Tradução: Fernanda Lizardo, edição de Leticia Nunes. Com informações de Hannah Kuchler [“How to preserve the web’s past for the future”, Financial Times, 11/4/14]. Publicado no Observatório da Imprensa
Depois de sofrer um ataque por homens armados e mascarados na Crimeia, em março passado, um grupo de jornalistas investigativos fez uma ligação improvável para uma equipe de arquivistas em São Francisco, na Califórnia, a quase dez mil quilômetros de distância dali. Após anos trabalhando para expor a corrupção na Ucrânia, o Centro de Jornalismo Investigativo da Crimeia estava preocupado com a possibilidade de suas reportagens desaparecerem da internet.

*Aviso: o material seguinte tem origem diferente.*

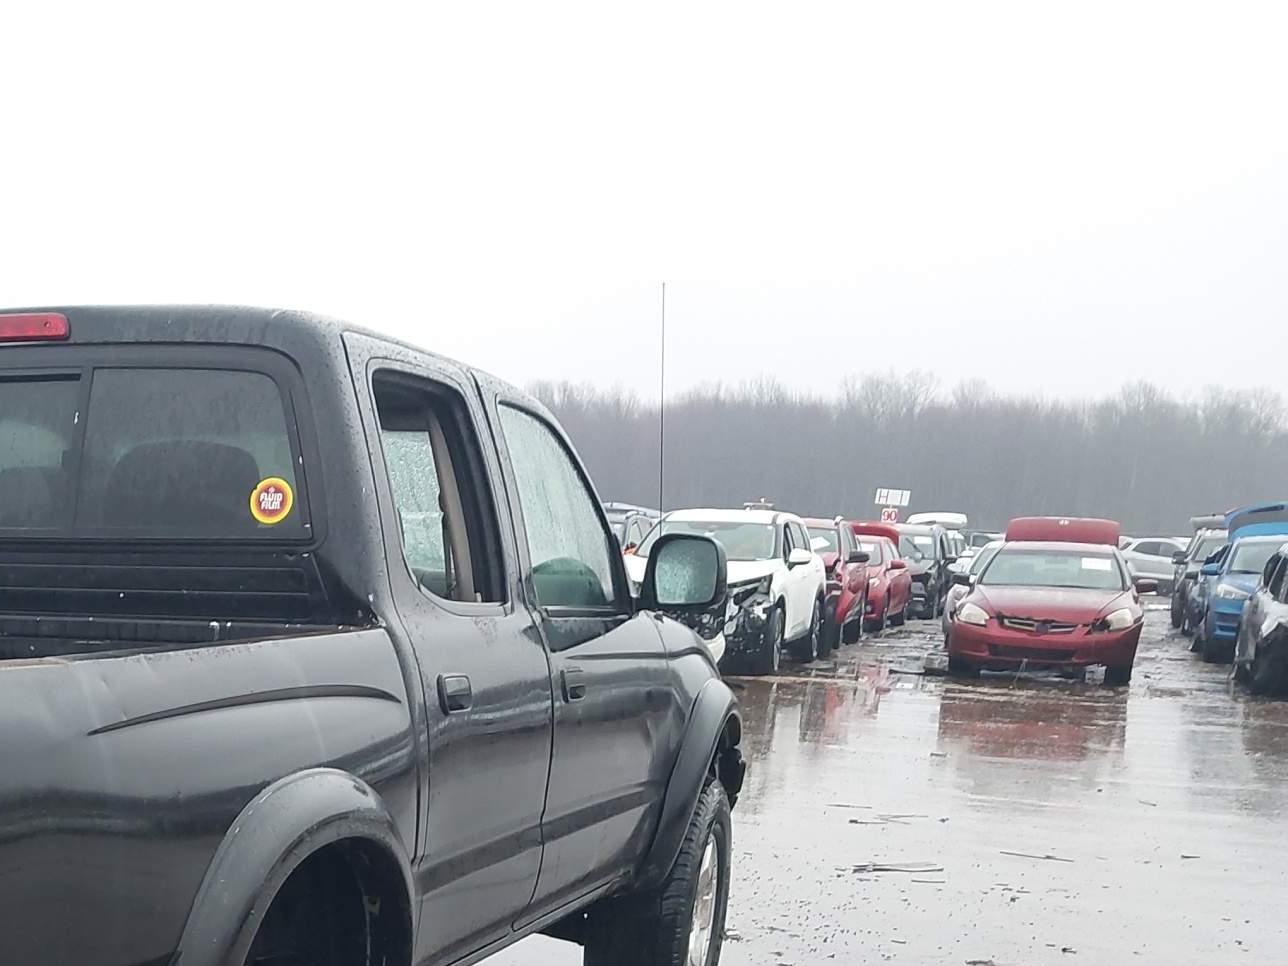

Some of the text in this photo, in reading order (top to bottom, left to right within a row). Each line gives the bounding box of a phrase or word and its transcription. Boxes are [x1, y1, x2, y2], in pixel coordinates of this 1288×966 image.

[259, 492, 283, 502] FLUID
[260, 501, 281, 510] FILM
[882, 510, 898, 521] 90
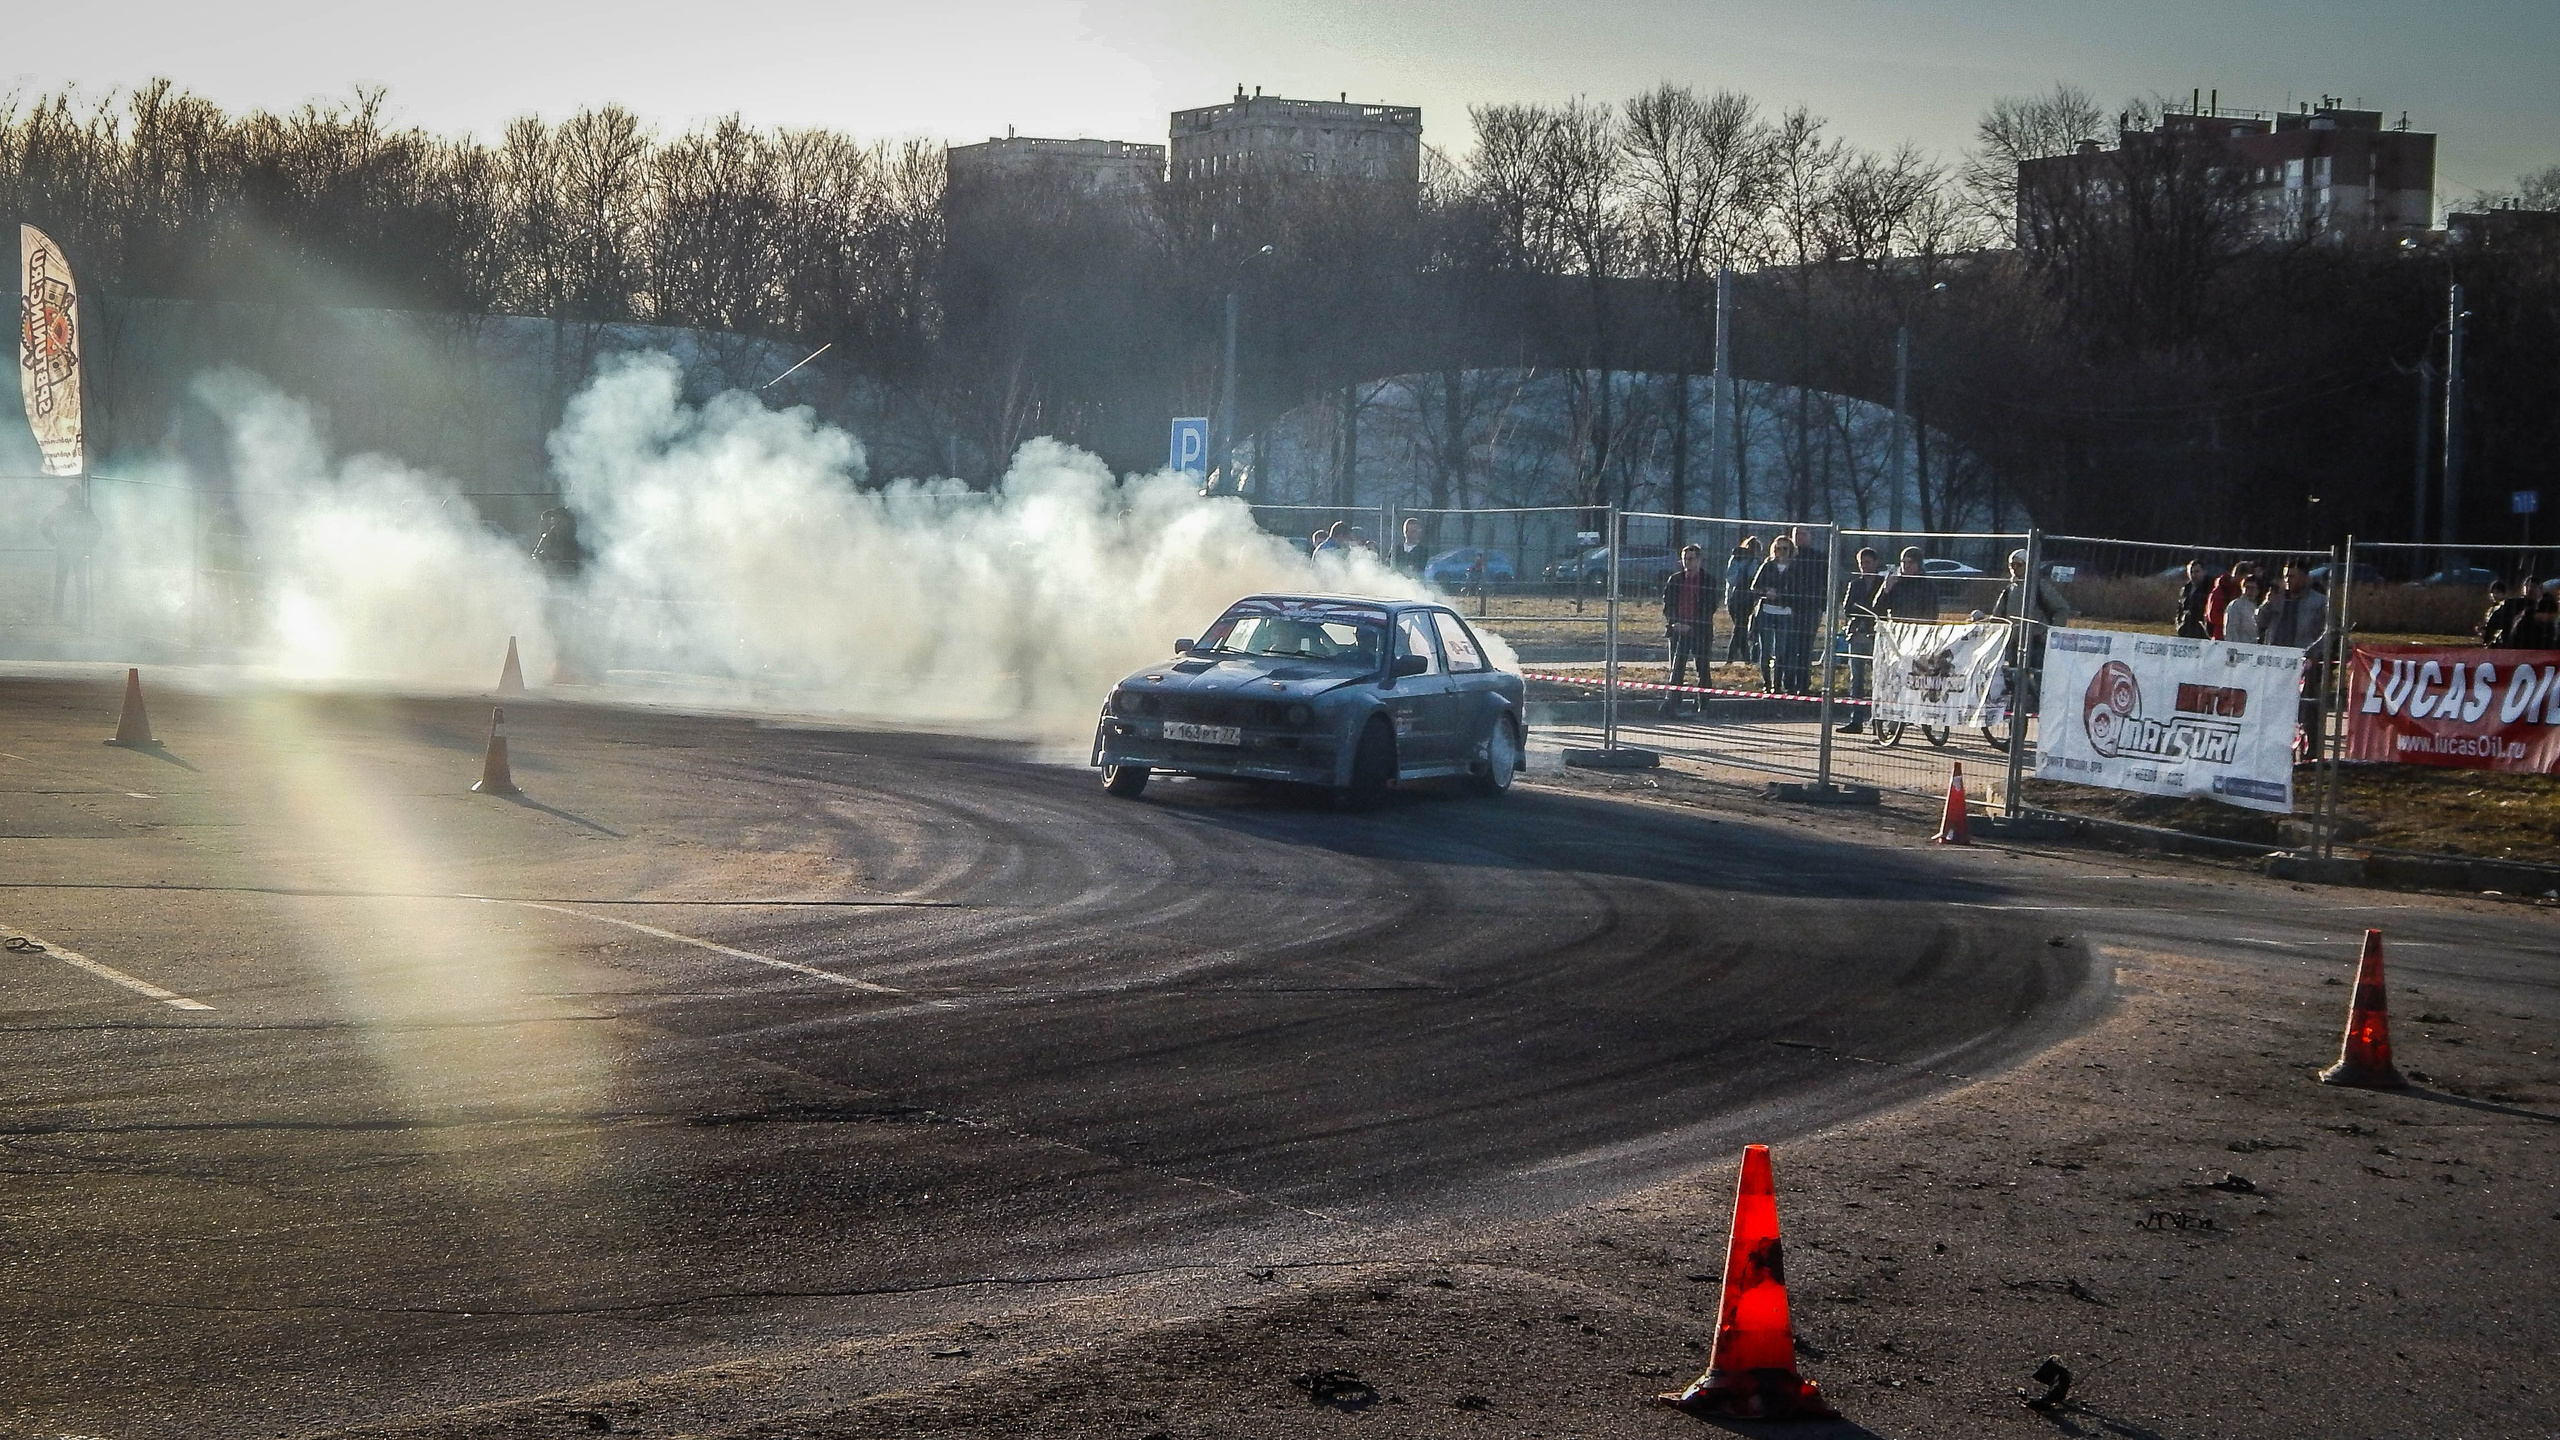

O contato em questão foi feito com o Internet Archive, uma biblioteca digital sem fins lucrativos fundada em 1996 e dedicada a preservar o passado da internet para uso dos futuros historiadores. Dez minutos após o telefonema, os funcionários do arquivo começaram a armazenar as páginas da web com as reportagens criadas pelo grupo da Crimeia. Brewster Kahle, de 53 anos, fundador do Internet Archive, recorda a conversa telefônica daquele dia. “Eles disseram: ‘Isso é importante demais para ser perdido’”.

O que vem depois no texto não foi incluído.